Haut-Jura, pour un équilibre entre fréquentation et quiétude dans la nature
Vaste écrin de forêts, le Haut-Jura est de plus en plus convoité pour les activités de plein air. Rendez-vous près du col de la Faucille, où la cohabitation entre tourisme et biodiversité pose question.
Vaste écrin de forêts, le Haut-Jura est de plus en plus convoité pour les activités de plein air. Rendez-vous près du col de la Faucille, où la cohabitation entre tourisme et biodiversité pose question.
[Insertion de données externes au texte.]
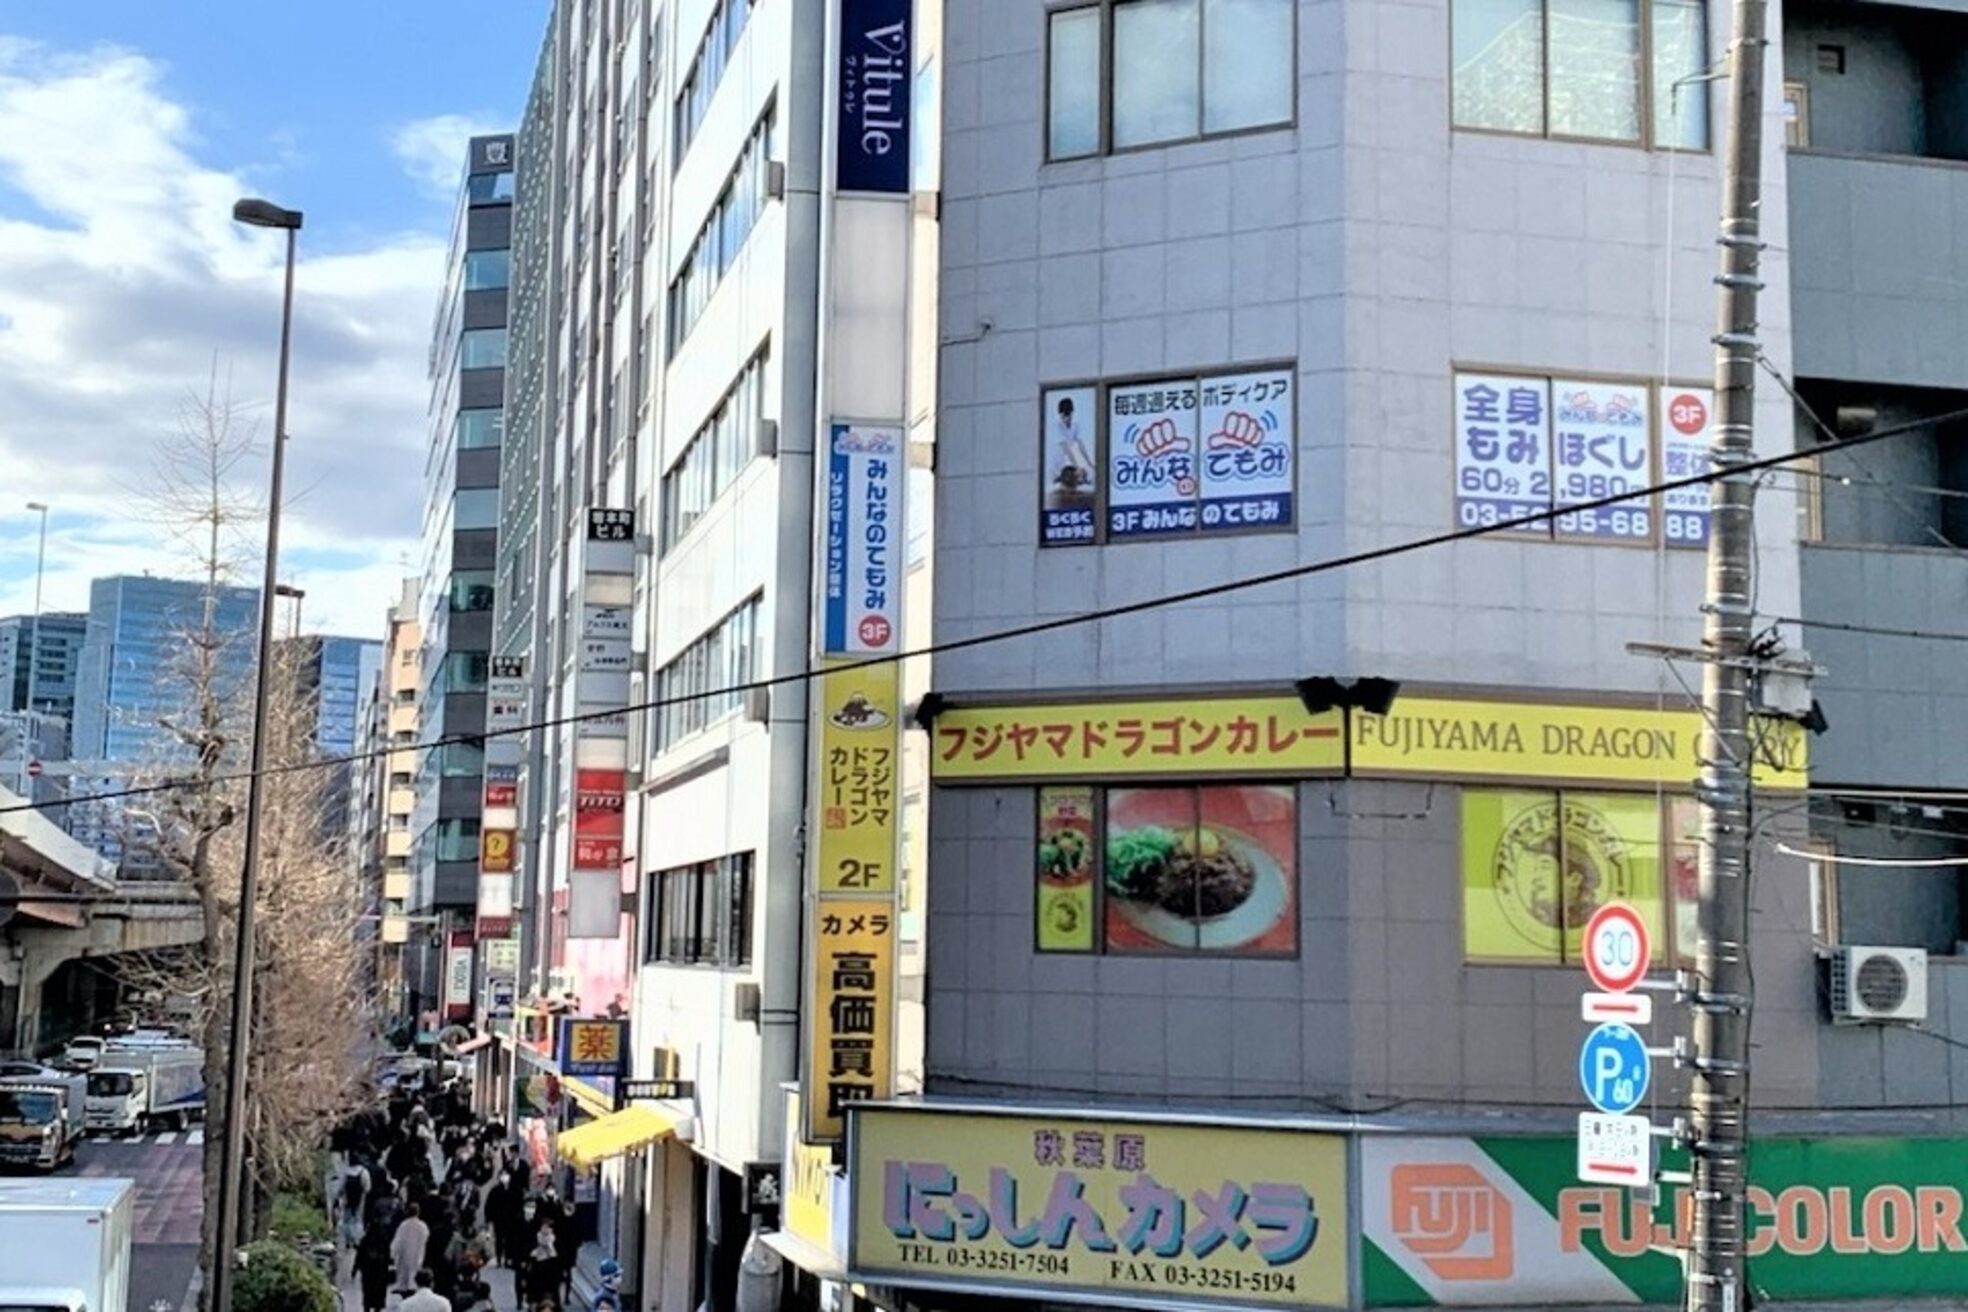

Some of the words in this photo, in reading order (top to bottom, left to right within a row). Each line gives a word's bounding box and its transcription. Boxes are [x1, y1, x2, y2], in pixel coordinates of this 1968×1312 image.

En arrivant depuis le nord par la route de Mijoux, le passage de la Faucille est d’emblée salué par le mont Blanc, juste en enfilade. Entre le sommet de l’Europe et le col jurassien à peine enneigé, Genève et la pointe du Léman dorment dans la brume de fin d’automne. Une troupe de becs-croisés des sapins passe en trombe en ponctuant son vol de tiup tiup tiup… Haranguent-ils la chenille d’automobiles qui montent chercher le soleil et le grand air ? Les véhicules portent encore des vélos tout-terrain, mais la saison du ski et de la raquette arrive à grands pas. « Pour la faune des forêts d’altitude, les moments de quiétude sont de plus en plus rares », s’inquiète Guillaume Cadier, adjoint au conservateur de la Réserve naturelle nationale de la Haute Chaîne du Jura.
Moyenne montagne
La neige n’est présente qu’au-delà de 1 200 m d’altitude. Les remontées mécaniques sont encore fermées mais des centaines de promeneurs et cyclistes sont venus profiter des grands espaces et du panorama. Petit Montrond, Grand Montrond, Colomby de Gex et Crêt de la Neige – point culminant du Jura à 1 720 m – s’enchaînent du nord-est vers le sud-ouest. Les deux premiers sont hors du périmètre de la Réserve naturelle mais leur ascension permet de belles vues sur l’espace protégé.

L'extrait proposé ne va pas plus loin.